Cremorne Bridge, known as Chelsea Bridge in rail circles, was constructed in 1863 and today carries around 18 trains per hour over the River Thames – that’s passenger services operated by TfL and Southern as well as freight. The bridge is believed to be the second oldest of its type in the world and is one of the earliest railway bridges crossing the Thames surviving in its original form.
Chelsea Bridge is a Grade 2* listed structure comprising five spans, each approximately 45 metres long. The spans are slightly skewed and constructed from three pairs of wrought iron lattice girders with lateral and spandrel bracing. Four mass-filled stone piers support the bridge spans across the river bearing on firm London Clay below the river bed.
Masonry arch viaducts carry approaching rail traffic and these would have been regularly flooded by the Thames before the construction of Chelsea Embankment. However, they are now used as storage units and were also the site team’s office and welfare facilities.

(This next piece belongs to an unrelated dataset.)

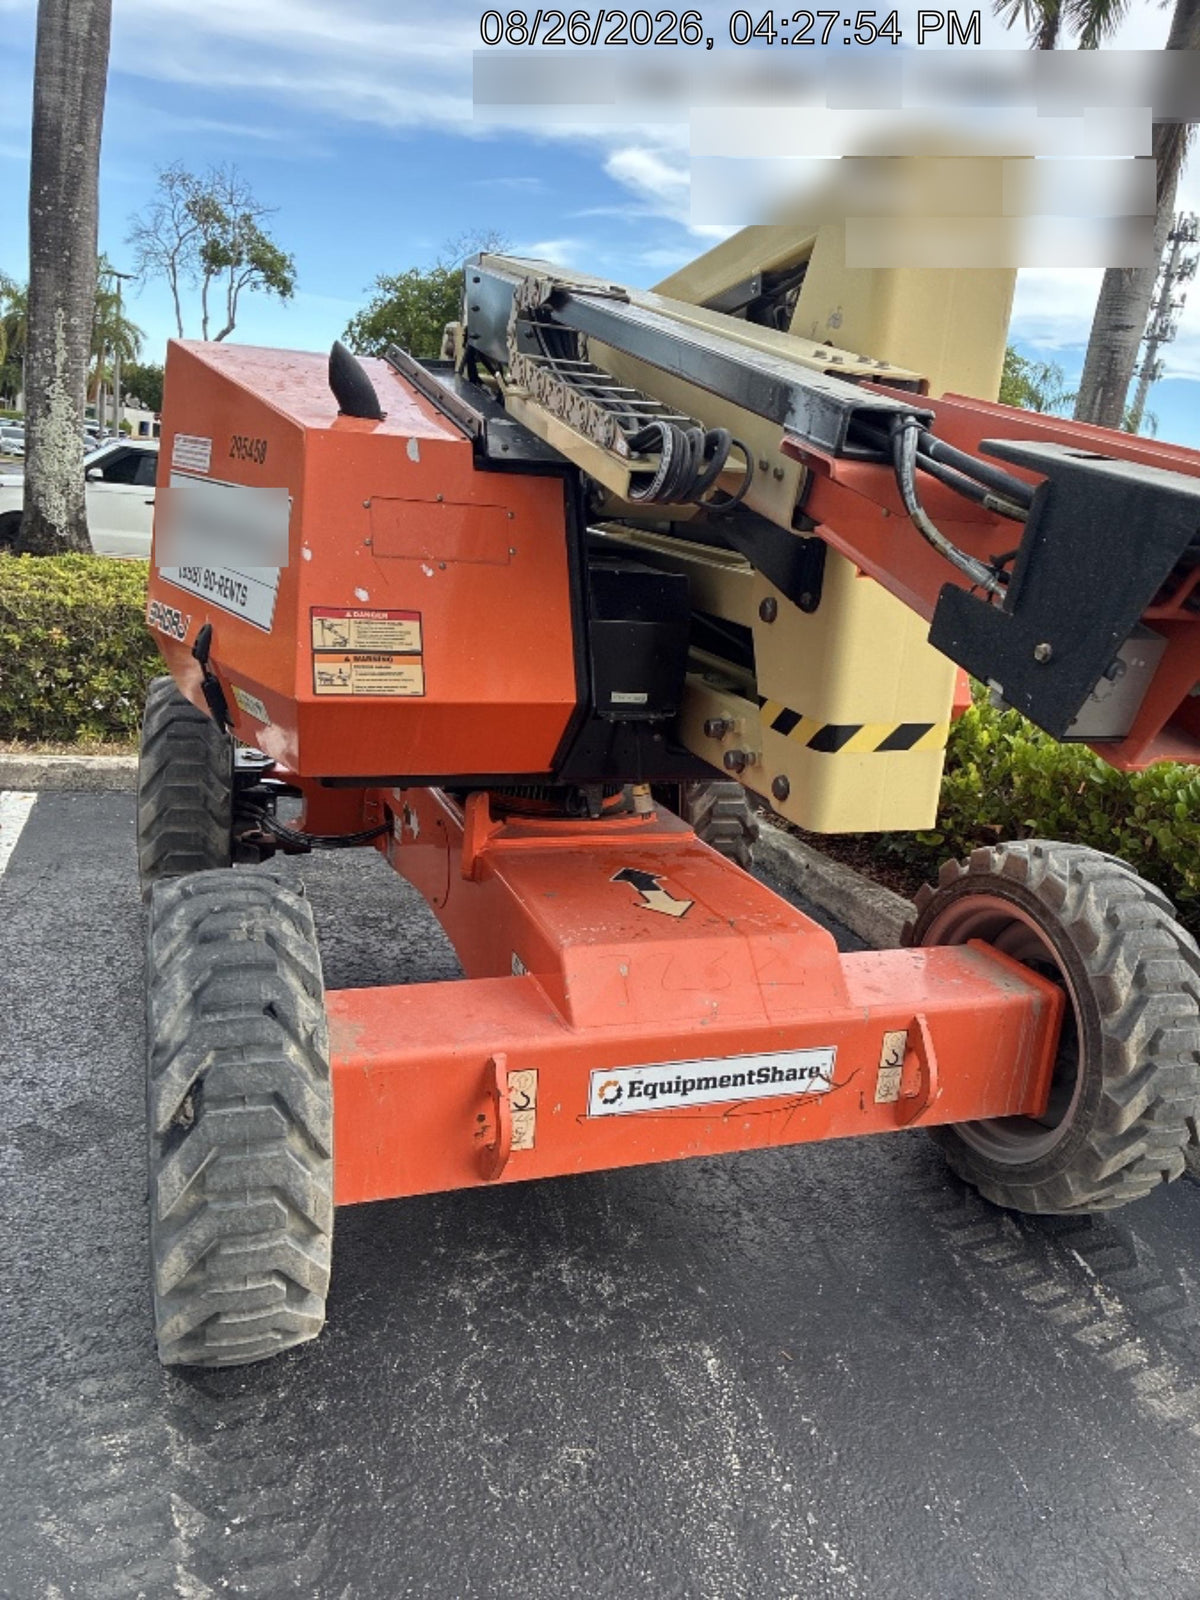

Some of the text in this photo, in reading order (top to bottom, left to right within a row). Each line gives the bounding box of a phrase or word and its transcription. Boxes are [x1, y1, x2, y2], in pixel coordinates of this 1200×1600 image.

[203, 568, 248, 607] 90-RENTS
[353, 611, 388, 620] DANGER
[353, 655, 393, 663] WARNING
[627, 1065, 821, 1101] EquipmentShare

150 years of rail traffic and the harsh riverine environment had taken its toll on the wrought iron structure and, in 2012, Network Rail awarded the scheme to Kier to repair, strengthen and apply a protective coating system to the bridge, to extend its life by a further 25 years.
The nature of the work was not expected to be unusual, as the repair and strengthening of wrought iron and lattice structures, as well as working on bridges over water, are all fairly standard in the rail industry.

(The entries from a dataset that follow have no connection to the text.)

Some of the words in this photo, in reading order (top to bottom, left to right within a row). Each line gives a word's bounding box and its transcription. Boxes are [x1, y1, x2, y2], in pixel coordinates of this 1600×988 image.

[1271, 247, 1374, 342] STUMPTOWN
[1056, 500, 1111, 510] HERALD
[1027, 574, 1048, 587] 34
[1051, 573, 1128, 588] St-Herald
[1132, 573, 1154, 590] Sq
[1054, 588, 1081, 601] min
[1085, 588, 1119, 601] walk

However, what was unusual was the sheer volume of components making up the bridge’s superstructure. Kier’s team had to undertake a detailed condition survey of its 9,000 structural elements and their connections to accurately identify and locate any defects. This information would then be used to produce detailed, timely and practical repair solutions while maintaining an assurance process throughout. Project manager Colin Barnes realised that managing all that data could well be as challenging as the management role of nearby José Mourinho.
Colin had used 4D visualisation techniques in the roof and facades project at Kings Cross and, at an internal BIMXtra presentation, became enthusiastic about the possibilities of using the technology to simplify data management on Chelsea Bridge. BIMXtra is a collaborative workspace where consolidated project information can be viewed, edited and compiled into intelligent revision controlled information.
His project team collaborated with Clearbox, a former Kier company that was spun off in 2013, to develop the BIMXtra system to carry out the recording of defects, detail the associated repairs and record the completed works in one elegant, integrated solution. Clearbox tailored the application to the project’s specific requirements and further streamlined workflows as the project progressed.
The system delivered significant time, cost and programme savings when compared to traditional paper- based methods, and ensured that the site team could maintain a consistent high level of quality assurance.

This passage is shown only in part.